Reproduce the listing below word for word.

..........

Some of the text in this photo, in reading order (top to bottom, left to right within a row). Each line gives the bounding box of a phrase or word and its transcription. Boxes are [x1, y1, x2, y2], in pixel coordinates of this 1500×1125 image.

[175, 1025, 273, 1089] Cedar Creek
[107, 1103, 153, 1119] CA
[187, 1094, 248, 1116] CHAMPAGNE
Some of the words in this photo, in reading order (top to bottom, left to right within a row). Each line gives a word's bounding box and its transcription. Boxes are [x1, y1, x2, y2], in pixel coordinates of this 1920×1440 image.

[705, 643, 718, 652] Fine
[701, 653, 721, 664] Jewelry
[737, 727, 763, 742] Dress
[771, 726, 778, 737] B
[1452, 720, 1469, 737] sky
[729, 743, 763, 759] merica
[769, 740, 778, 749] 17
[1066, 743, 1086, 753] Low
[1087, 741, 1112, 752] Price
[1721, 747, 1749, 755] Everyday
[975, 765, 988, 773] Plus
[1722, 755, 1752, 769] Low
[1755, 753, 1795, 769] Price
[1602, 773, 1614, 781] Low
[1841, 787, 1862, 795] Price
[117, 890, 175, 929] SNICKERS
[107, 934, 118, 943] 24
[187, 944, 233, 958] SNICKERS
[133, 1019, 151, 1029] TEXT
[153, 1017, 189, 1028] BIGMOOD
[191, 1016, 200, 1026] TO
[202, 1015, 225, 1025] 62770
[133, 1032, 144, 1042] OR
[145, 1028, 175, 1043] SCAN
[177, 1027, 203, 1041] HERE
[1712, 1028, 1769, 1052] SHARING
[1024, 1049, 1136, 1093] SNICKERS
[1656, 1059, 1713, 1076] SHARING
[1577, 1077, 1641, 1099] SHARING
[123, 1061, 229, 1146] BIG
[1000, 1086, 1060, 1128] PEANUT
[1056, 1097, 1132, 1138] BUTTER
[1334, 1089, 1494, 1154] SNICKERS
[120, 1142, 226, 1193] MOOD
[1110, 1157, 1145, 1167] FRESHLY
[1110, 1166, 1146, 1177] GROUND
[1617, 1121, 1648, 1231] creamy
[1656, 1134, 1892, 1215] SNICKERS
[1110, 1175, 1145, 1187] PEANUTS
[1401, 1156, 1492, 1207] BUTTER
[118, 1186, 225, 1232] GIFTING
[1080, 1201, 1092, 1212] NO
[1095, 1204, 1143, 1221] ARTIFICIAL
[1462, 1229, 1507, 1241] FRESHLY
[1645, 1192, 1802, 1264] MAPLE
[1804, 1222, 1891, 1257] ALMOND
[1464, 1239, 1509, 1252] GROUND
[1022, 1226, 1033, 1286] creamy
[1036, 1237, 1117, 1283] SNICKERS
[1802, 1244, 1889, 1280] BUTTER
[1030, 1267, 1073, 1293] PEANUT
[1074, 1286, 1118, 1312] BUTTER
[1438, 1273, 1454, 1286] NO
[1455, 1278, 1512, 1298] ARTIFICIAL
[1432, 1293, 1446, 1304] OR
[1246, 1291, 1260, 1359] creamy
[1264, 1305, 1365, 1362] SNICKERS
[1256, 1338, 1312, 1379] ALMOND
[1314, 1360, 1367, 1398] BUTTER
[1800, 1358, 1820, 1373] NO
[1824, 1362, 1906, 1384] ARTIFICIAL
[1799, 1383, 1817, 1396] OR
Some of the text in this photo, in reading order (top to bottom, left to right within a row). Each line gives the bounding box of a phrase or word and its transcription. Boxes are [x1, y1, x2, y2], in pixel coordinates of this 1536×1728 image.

..........

■ EXPECTED ANSWER ■
Some of the text in this photo, in reading order (top to bottom, left to right within a row). Each line gives the bounding box of a phrase or word and its transcription. Boxes are [x1, y1, x2, y2], in pixel coordinates of this 1500×1125 image.

[175, 1025, 273, 1089] Cedar Creek
[107, 1103, 153, 1119] CA
[187, 1094, 248, 1116] CHAMPAGNE
Some of the words in this photo, in reading order (top to bottom, left to right within a row). Each line gives a word's bounding box and its transcription. Boxes are [x1, y1, x2, y2], in pixel coordinates of this 1920×1440 image.

[705, 643, 718, 652] Fine
[701, 653, 721, 664] Jewelry
[737, 727, 763, 742] Dress
[771, 726, 778, 737] B
[1452, 720, 1469, 737] sky
[729, 743, 763, 759] merica
[769, 740, 778, 749] 17
[1066, 743, 1086, 753] Low
[1087, 741, 1112, 752] Price
[1721, 747, 1749, 755] Everyday
[975, 765, 988, 773] Plus
[1722, 755, 1752, 769] Low
[1755, 753, 1795, 769] Price
[1602, 773, 1614, 781] Low
[1841, 787, 1862, 795] Price
[117, 890, 175, 929] SNICKERS
[107, 934, 118, 943] 24
[187, 944, 233, 958] SNICKERS
[133, 1019, 151, 1029] TEXT
[153, 1017, 189, 1028] BIGMOOD
[191, 1016, 200, 1026] TO
[202, 1015, 225, 1025] 62770
[133, 1032, 144, 1042] OR
[145, 1028, 175, 1043] SCAN
[177, 1027, 203, 1041] HERE
[1712, 1028, 1769, 1052] SHARING
[1024, 1049, 1136, 1093] SNICKERS
[1656, 1059, 1713, 1076] SHARING
[1577, 1077, 1641, 1099] SHARING
[123, 1061, 229, 1146] BIG
[1000, 1086, 1060, 1128] PEANUT
[1056, 1097, 1132, 1138] BUTTER
[1334, 1089, 1494, 1154] SNICKERS
[120, 1142, 226, 1193] MOOD
[1110, 1157, 1145, 1167] FRESHLY
[1110, 1166, 1146, 1177] GROUND
[1617, 1121, 1648, 1231] creamy
[1656, 1134, 1892, 1215] SNICKERS
[1110, 1175, 1145, 1187] PEANUTS
[1401, 1156, 1492, 1207] BUTTER
[118, 1186, 225, 1232] GIFTING
[1080, 1201, 1092, 1212] NO
[1095, 1204, 1143, 1221] ARTIFICIAL
[1462, 1229, 1507, 1241] FRESHLY
[1645, 1192, 1802, 1264] MAPLE
[1804, 1222, 1891, 1257] ALMOND
[1464, 1239, 1509, 1252] GROUND
[1022, 1226, 1033, 1286] creamy
[1036, 1237, 1117, 1283] SNICKERS
[1802, 1244, 1889, 1280] BUTTER
[1030, 1267, 1073, 1293] PEANUT
[1074, 1286, 1118, 1312] BUTTER
[1438, 1273, 1454, 1286] NO
[1455, 1278, 1512, 1298] ARTIFICIAL
[1432, 1293, 1446, 1304] OR
[1246, 1291, 1260, 1359] creamy
[1264, 1305, 1365, 1362] SNICKERS
[1256, 1338, 1312, 1379] ALMOND
[1314, 1360, 1367, 1398] BUTTER
[1800, 1358, 1820, 1373] NO
[1824, 1362, 1906, 1384] ARTIFICIAL
[1799, 1383, 1817, 1396] OR
Some of the text in this photo, in reading order (top to bottom, left to right within a row). Each line gives the bounding box of a phrase or word and its transcription. Boxes are [x1, y1, x2, y2], in pixel coordinates of this 1536×1728 image.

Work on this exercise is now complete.